■ **Exercise**
Each record, word for word and stripped of pictures, is what the answer should contain.

(Exercise data begins)

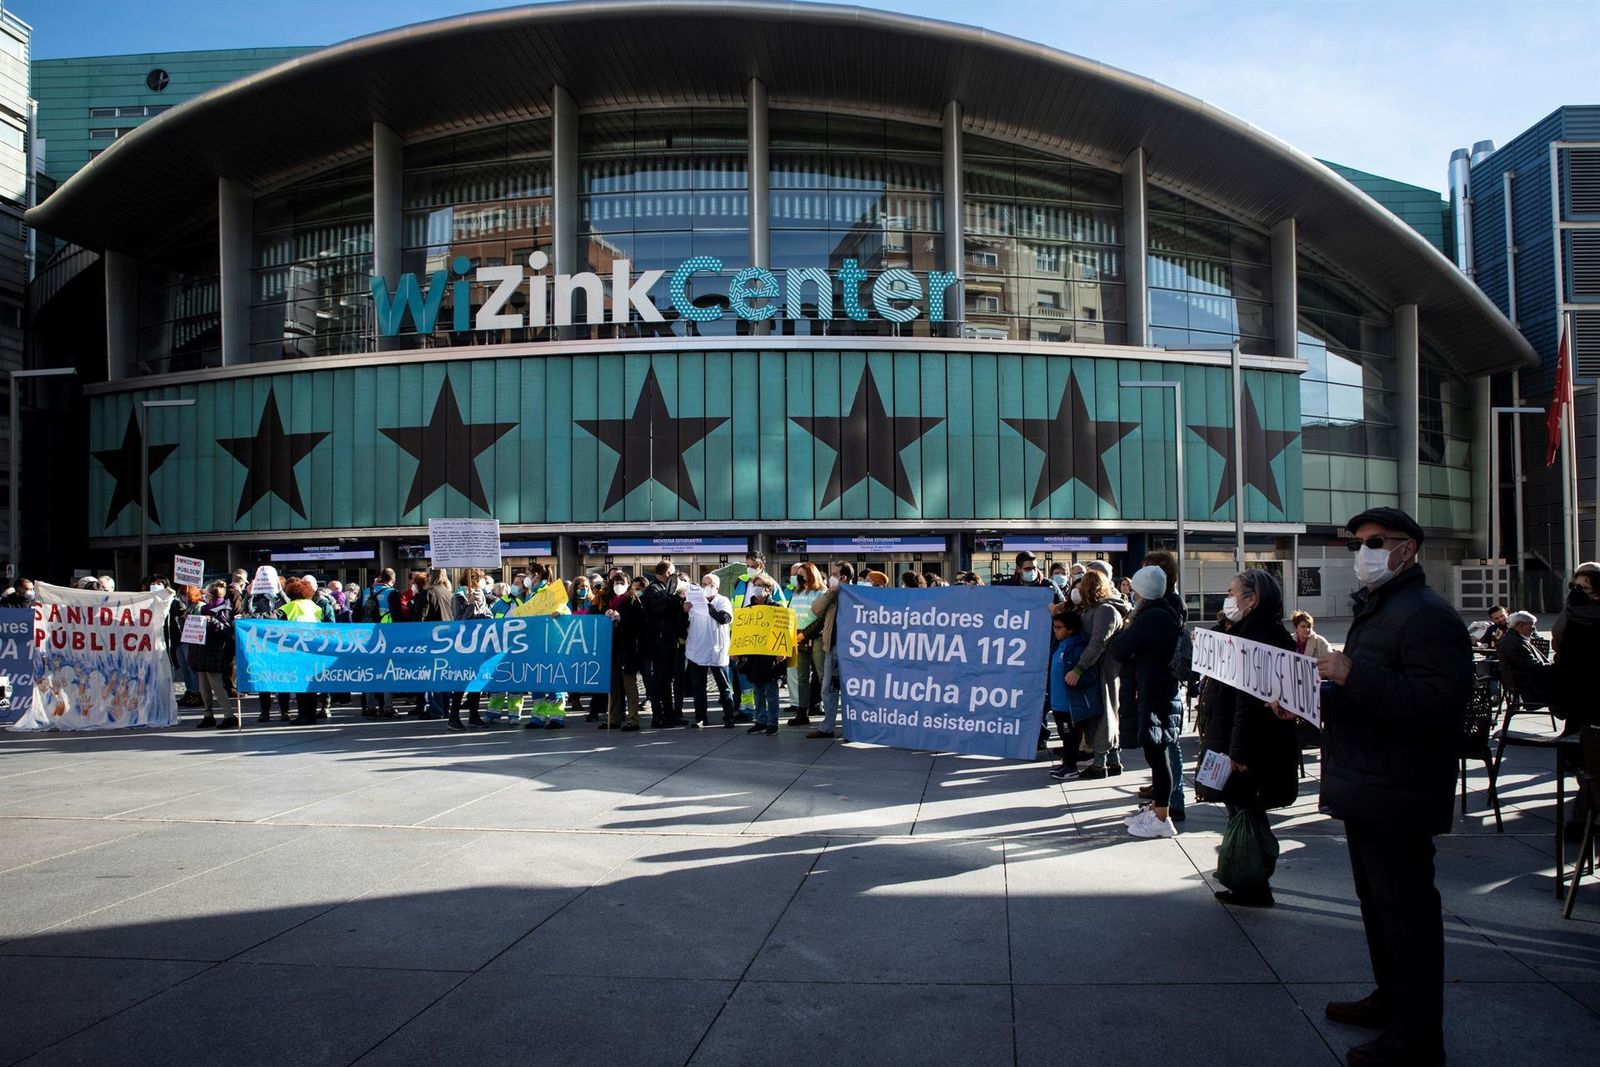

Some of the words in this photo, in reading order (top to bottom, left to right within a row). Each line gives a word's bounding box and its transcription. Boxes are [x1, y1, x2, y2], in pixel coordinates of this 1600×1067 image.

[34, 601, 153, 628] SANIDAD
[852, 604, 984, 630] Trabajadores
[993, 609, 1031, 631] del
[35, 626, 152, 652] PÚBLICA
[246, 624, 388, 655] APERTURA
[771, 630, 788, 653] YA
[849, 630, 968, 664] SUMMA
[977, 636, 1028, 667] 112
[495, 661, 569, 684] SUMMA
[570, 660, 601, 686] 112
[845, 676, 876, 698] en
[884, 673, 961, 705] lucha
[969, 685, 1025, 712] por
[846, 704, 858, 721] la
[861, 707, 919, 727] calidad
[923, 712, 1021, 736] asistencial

(Exercise data ends)

■ **Finished exercise**
Some of the words in this photo, in reading order (top to bottom, left to right within a row). Each line gives a word's bounding box and its transcription. Boxes are [x1, y1, x2, y2], in pixel coordinates of this 1600×1067 image.

[34, 601, 153, 628] SANIDAD
[852, 604, 984, 630] Trabajadores
[993, 609, 1031, 631] del
[35, 626, 152, 652] PÚBLICA
[246, 624, 388, 655] APERTURA
[771, 630, 788, 653] YA
[849, 630, 968, 664] SUMMA
[977, 636, 1028, 667] 112
[495, 661, 569, 684] SUMMA
[570, 660, 601, 686] 112
[845, 676, 876, 698] en
[884, 673, 961, 705] lucha
[969, 685, 1025, 712] por
[846, 704, 858, 721] la
[861, 707, 919, 727] calidad
[923, 712, 1021, 736] asistencial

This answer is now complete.